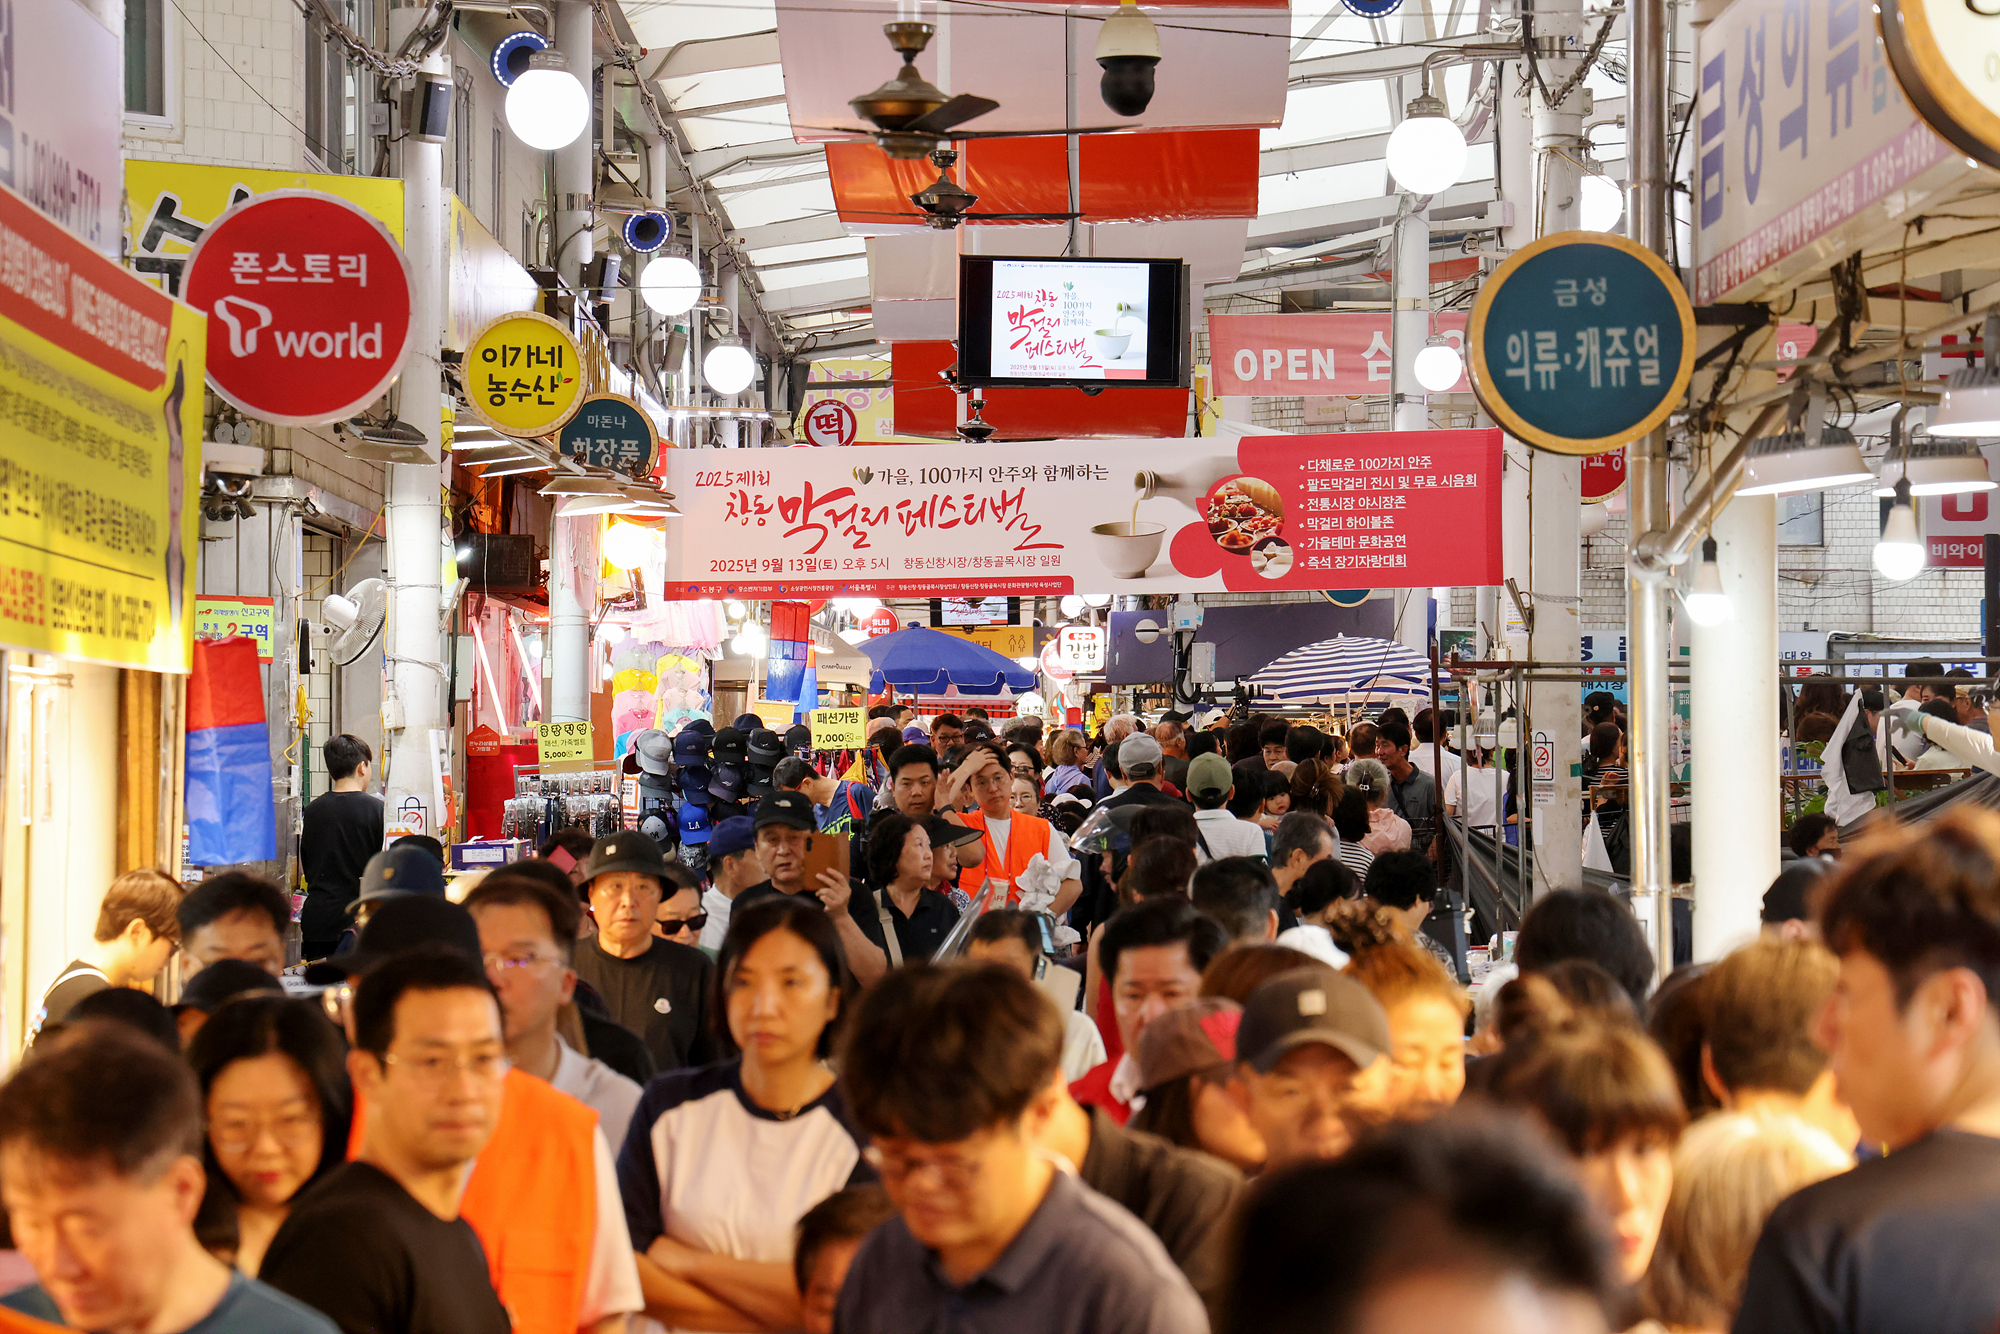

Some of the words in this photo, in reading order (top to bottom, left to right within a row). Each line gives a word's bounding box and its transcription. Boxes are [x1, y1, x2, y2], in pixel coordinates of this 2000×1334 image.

[230, 252, 367, 287] 폰스토리
[1553, 277, 1608, 307] 금성
[1063, 301, 1092, 310] 100가지
[1008, 304, 1060, 350] 막걸리
[1063, 318, 1092, 327] 함께하는
[274, 322, 382, 359] world
[482, 345, 562, 368] 이가네
[1025, 338, 1103, 368] 페스티벌
[1505, 324, 1660, 391] 의류·캐쥬얼
[1234, 348, 1335, 381] OPEN
[488, 374, 559, 406] 농수산
[587, 415, 627, 429] 마돈나
[813, 408, 844, 444] 떡
[1307, 458, 1355, 471] 다채로운
[1359, 457, 1404, 470] 100가지
[1407, 456, 1433, 469] 안주
[877, 469, 913, 486] 가을,
[919, 466, 983, 485] 100가지
[988, 465, 1038, 483] 안주와
[1043, 464, 1109, 482] 함께하는
[1307, 477, 1367, 491] 팔도막걸리
[1370, 476, 1394, 490] 전시
[1398, 476, 1410, 489] 및
[1413, 476, 1438, 488] 무료
[1440, 474, 1478, 487] 시음회
[1307, 497, 1355, 511] 전통시장
[1358, 495, 1407, 509] 야시장존
[724, 489, 774, 526] 창동
[778, 481, 889, 555] 막걸리
[896, 487, 1065, 551] 페스티벌
[1307, 517, 1343, 530] 막걸리
[1345, 515, 1395, 529] 하이볼존
[1307, 536, 1355, 550] 가을테마
[1358, 534, 1407, 548] 문화공연
[710, 559, 757, 573] 2025년
[762, 558, 783, 573] 9월
[788, 557, 838, 573] 13일(토)
[842, 557, 866, 570] 오후
[870, 557, 889, 570] 5시
[903, 556, 1036, 570] 창동신창시장/창동골목시장
[1040, 555, 1061, 568] 일원
[1307, 556, 1332, 569] 즉석
[1334, 554, 1407, 568] 장기자랑대회
[848, 584, 877, 592] 서울특별시
[241, 608, 270, 617] 신고구역
[241, 624, 268, 641] 구역
[1066, 643, 1099, 659] 김밥
[817, 712, 859, 724] 패션가방
[816, 732, 854, 743] 7,000원
[688, 821, 701, 830] LA
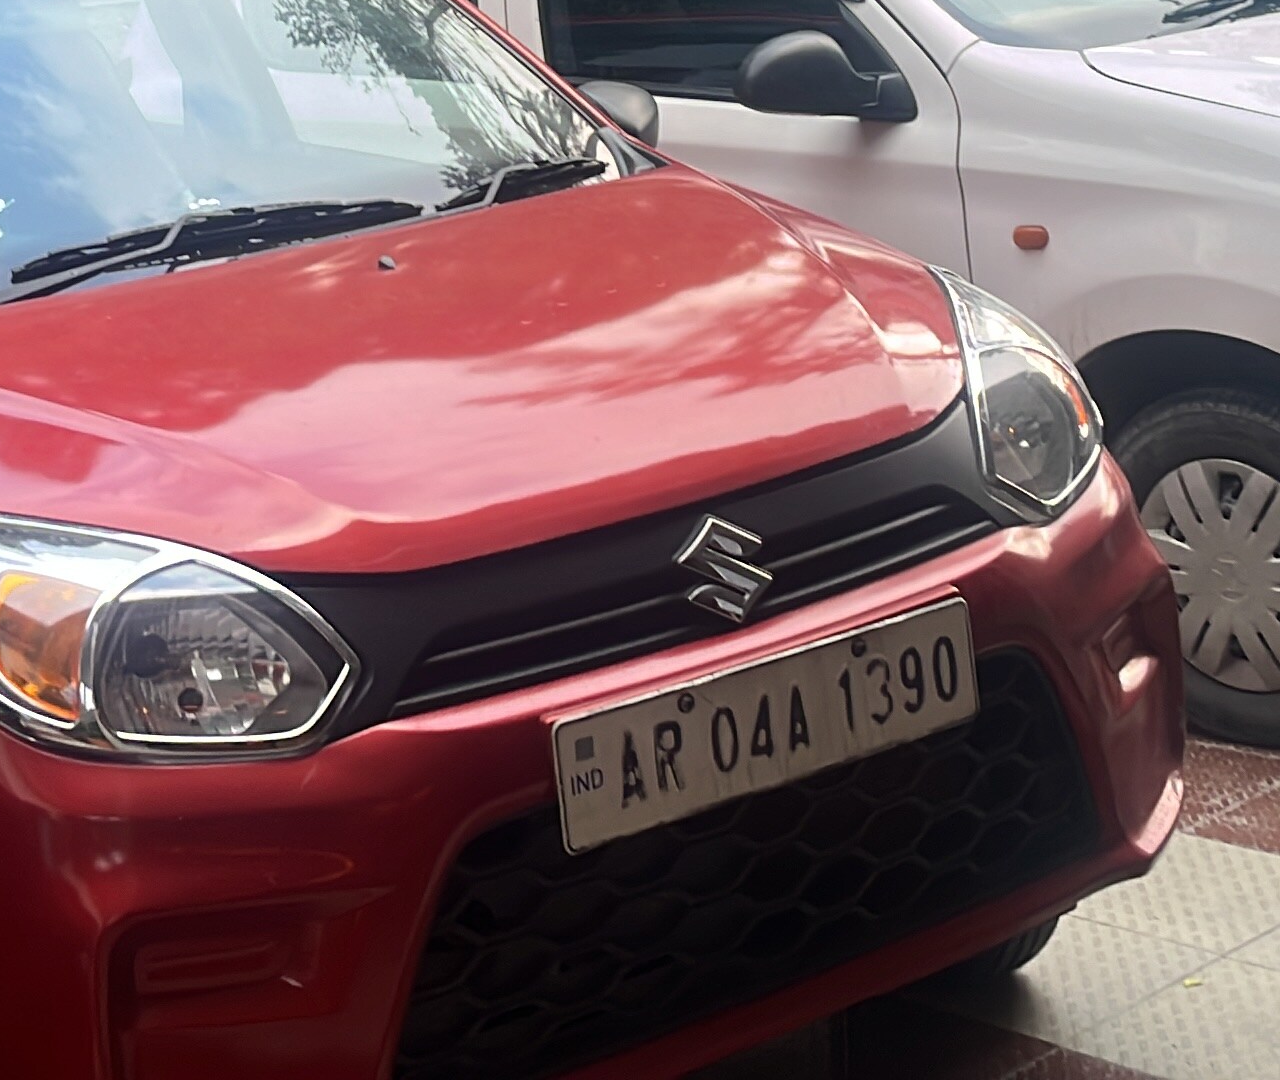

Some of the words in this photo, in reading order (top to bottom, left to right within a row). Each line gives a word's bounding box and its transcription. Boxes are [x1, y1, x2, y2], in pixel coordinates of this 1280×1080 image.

******************************

For this exercise, transcribe the entries above exactly, without any pictures.

**RESPONSE BELOW:**
Some of the words in this photo, in reading order (top to bottom, left to right within a row). Each line gives a word's bounding box and its transcription. Boxes are [x1, y1, x2, y2], in pixel coordinates of this 2000×1334 image.

[230, 252, 367, 287] 폰스토리
[1553, 277, 1608, 307] 금성
[1063, 301, 1092, 310] 100가지
[1008, 304, 1060, 350] 막걸리
[1063, 318, 1092, 327] 함께하는
[274, 322, 382, 359] world
[482, 345, 562, 368] 이가네
[1025, 338, 1103, 368] 페스티벌
[1505, 324, 1660, 391] 의류·캐쥬얼
[1234, 348, 1335, 381] OPEN
[488, 374, 559, 406] 농수산
[587, 415, 627, 429] 마돈나
[813, 408, 844, 444] 떡
[1307, 458, 1355, 471] 다채로운
[1359, 457, 1404, 470] 100가지
[1407, 456, 1433, 469] 안주
[877, 469, 913, 486] 가을,
[919, 466, 983, 485] 100가지
[988, 465, 1038, 483] 안주와
[1043, 464, 1109, 482] 함께하는
[1307, 477, 1367, 491] 팔도막걸리
[1370, 476, 1394, 490] 전시
[1398, 476, 1410, 489] 및
[1413, 476, 1438, 488] 무료
[1440, 474, 1478, 487] 시음회
[1307, 497, 1355, 511] 전통시장
[1358, 495, 1407, 509] 야시장존
[724, 489, 774, 526] 창동
[778, 481, 889, 555] 막걸리
[896, 487, 1065, 551] 페스티벌
[1307, 517, 1343, 530] 막걸리
[1345, 515, 1395, 529] 하이볼존
[1307, 536, 1355, 550] 가을테마
[1358, 534, 1407, 548] 문화공연
[710, 559, 757, 573] 2025년
[762, 558, 783, 573] 9월
[788, 557, 838, 573] 13일(토)
[842, 557, 866, 570] 오후
[870, 557, 889, 570] 5시
[903, 556, 1036, 570] 창동신창시장/창동골목시장
[1040, 555, 1061, 568] 일원
[1307, 556, 1332, 569] 즉석
[1334, 554, 1407, 568] 장기자랑대회
[848, 584, 877, 592] 서울특별시
[241, 608, 270, 617] 신고구역
[241, 624, 268, 641] 구역
[1066, 643, 1099, 659] 김밥
[817, 712, 859, 724] 패션가방
[816, 732, 854, 743] 7,000원
[688, 821, 701, 830] LA

Some of the words in this photo, in reading order (top to bottom, left to right within a row). Each line gives a word's bounding box and its transcription. Boxes are [x1, y1, x2, y2], in pixel coordinates of this 1280×1080 image.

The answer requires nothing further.